(Data extracted from a collection):
○ ○ ○ ○ ○

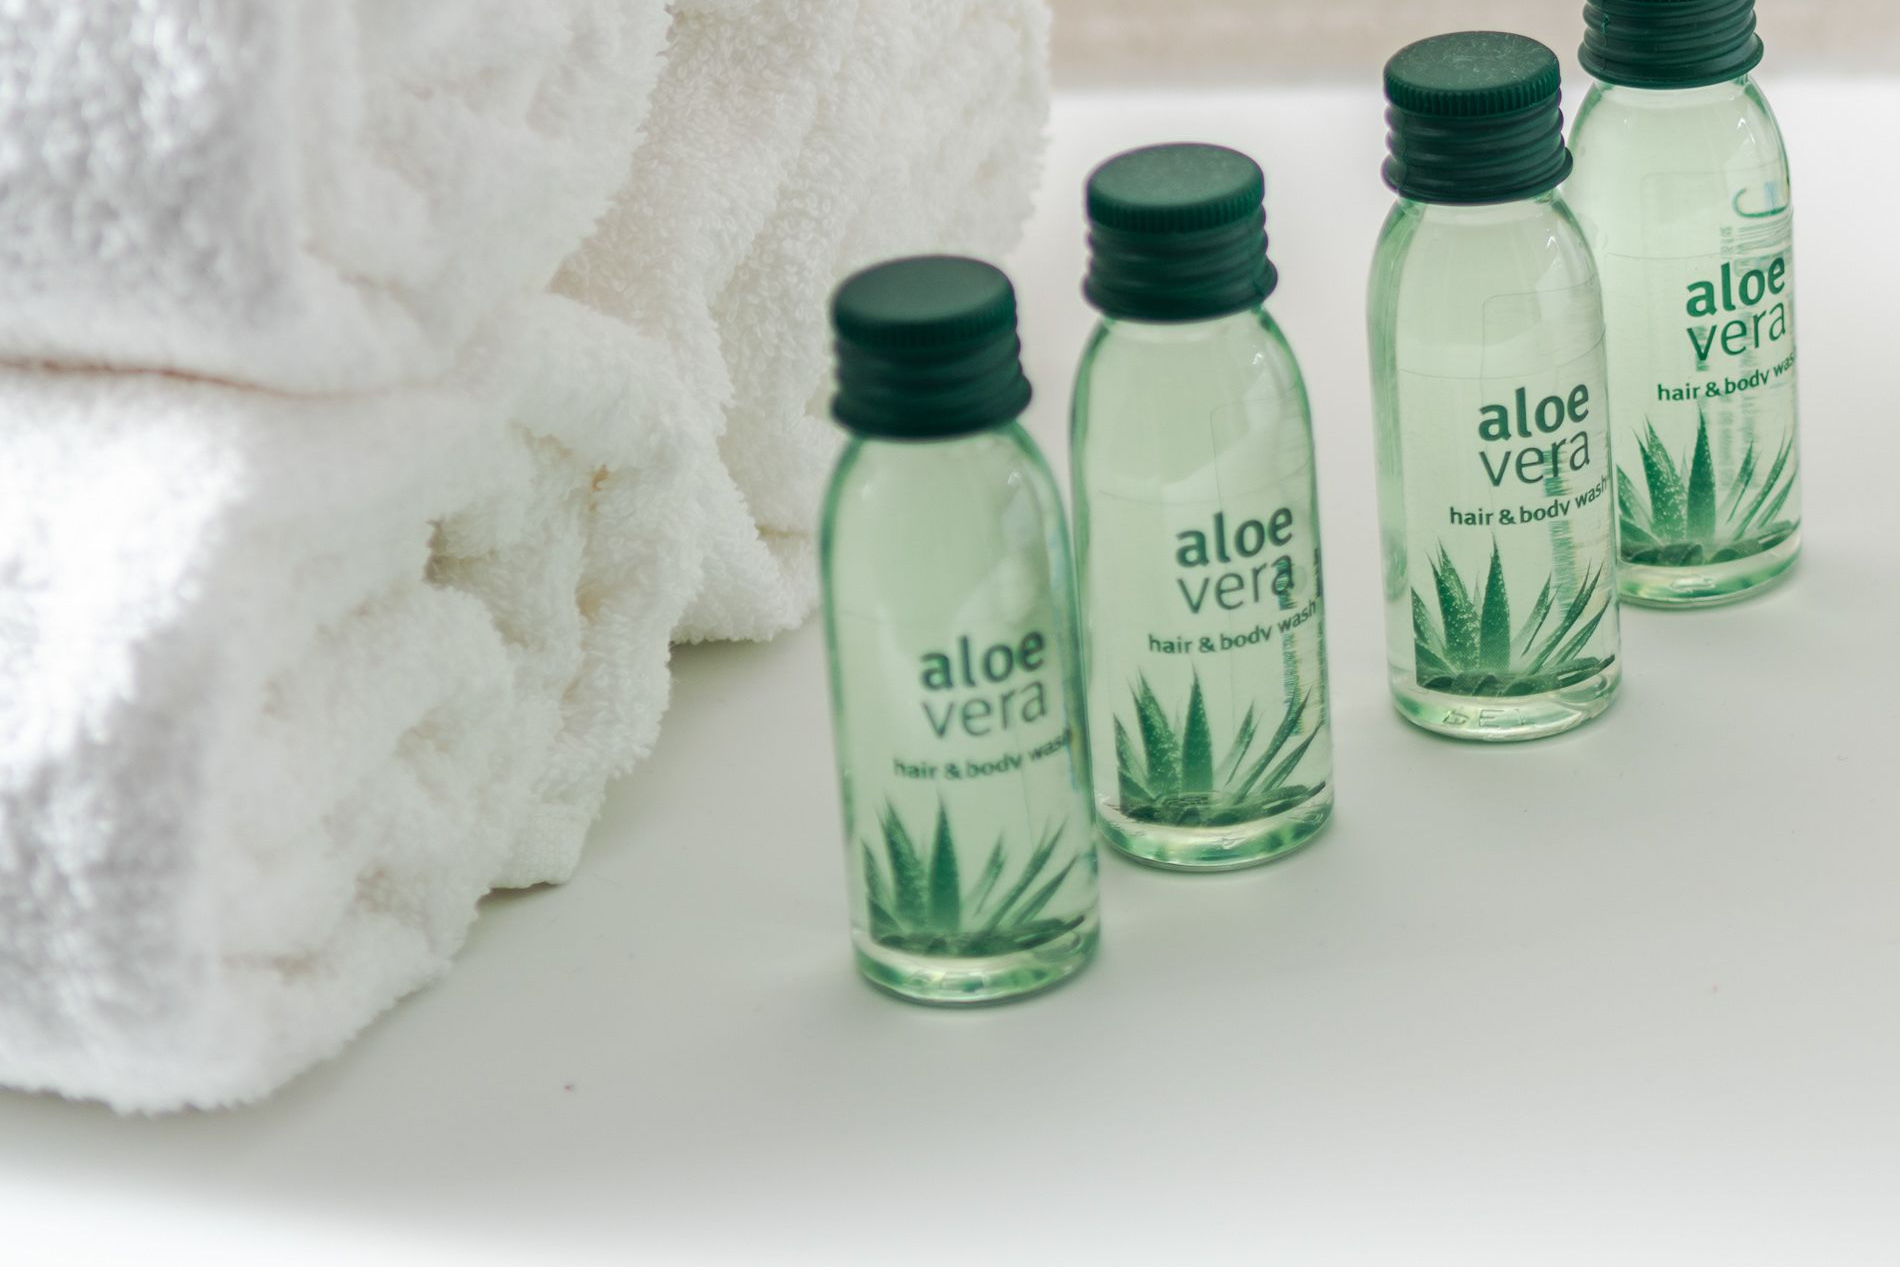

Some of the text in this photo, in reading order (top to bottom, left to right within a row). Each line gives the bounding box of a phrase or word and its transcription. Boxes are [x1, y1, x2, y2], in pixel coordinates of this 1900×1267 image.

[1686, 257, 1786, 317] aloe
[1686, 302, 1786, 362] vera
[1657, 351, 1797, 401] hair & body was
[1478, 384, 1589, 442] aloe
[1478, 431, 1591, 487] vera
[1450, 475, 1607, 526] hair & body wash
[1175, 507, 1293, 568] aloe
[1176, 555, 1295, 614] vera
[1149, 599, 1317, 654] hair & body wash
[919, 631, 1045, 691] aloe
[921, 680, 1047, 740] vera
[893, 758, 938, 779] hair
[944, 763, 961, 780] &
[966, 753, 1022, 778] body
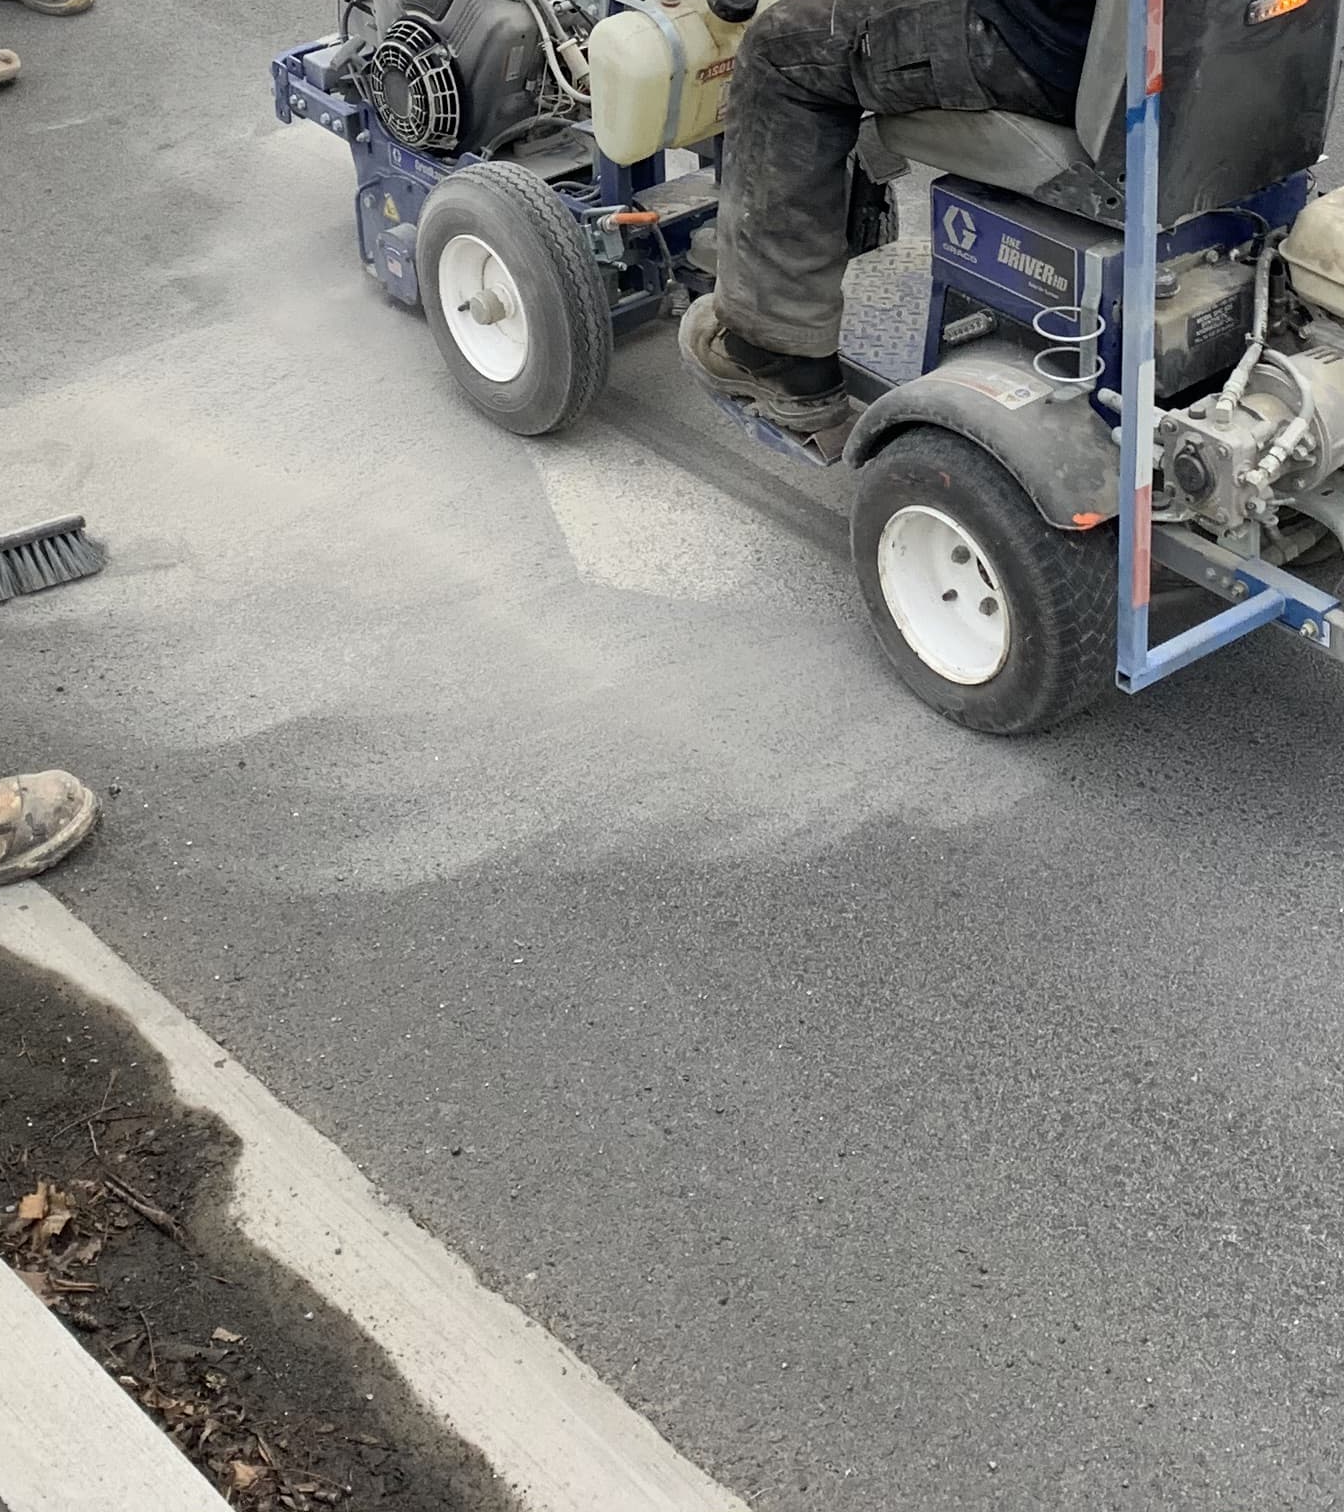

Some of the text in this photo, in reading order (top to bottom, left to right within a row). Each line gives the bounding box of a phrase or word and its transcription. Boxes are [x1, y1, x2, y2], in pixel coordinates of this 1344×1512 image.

○ ○ ○ ○ ○

Copy every record above exactly, leaving out any pictures.

(WRITTEN ANSWER):
Some of the text in this photo, in reading order (top to bottom, left to right within a row). Each line gives the bounding box of a phrase or word and its transcription. Boxes are [x1, y1, x2, y2], in pixel coordinates of this 1900×1267 image.

[1686, 257, 1786, 317] aloe
[1686, 302, 1786, 362] vera
[1657, 351, 1797, 401] hair & body was
[1478, 384, 1589, 442] aloe
[1478, 431, 1591, 487] vera
[1450, 475, 1607, 526] hair & body wash
[1175, 507, 1293, 568] aloe
[1176, 555, 1295, 614] vera
[1149, 599, 1317, 654] hair & body wash
[919, 631, 1045, 691] aloe
[921, 680, 1047, 740] vera
[893, 758, 938, 779] hair
[944, 763, 961, 780] &
[966, 753, 1022, 778] body

Some of the text in this photo, in reading order (top to bottom, left to right within a row). Each line gives the bounding box of a phrase or word and its transcription. Boxes are [x1, y1, x2, y2], in pixel coordinates of this 1344×1512 image.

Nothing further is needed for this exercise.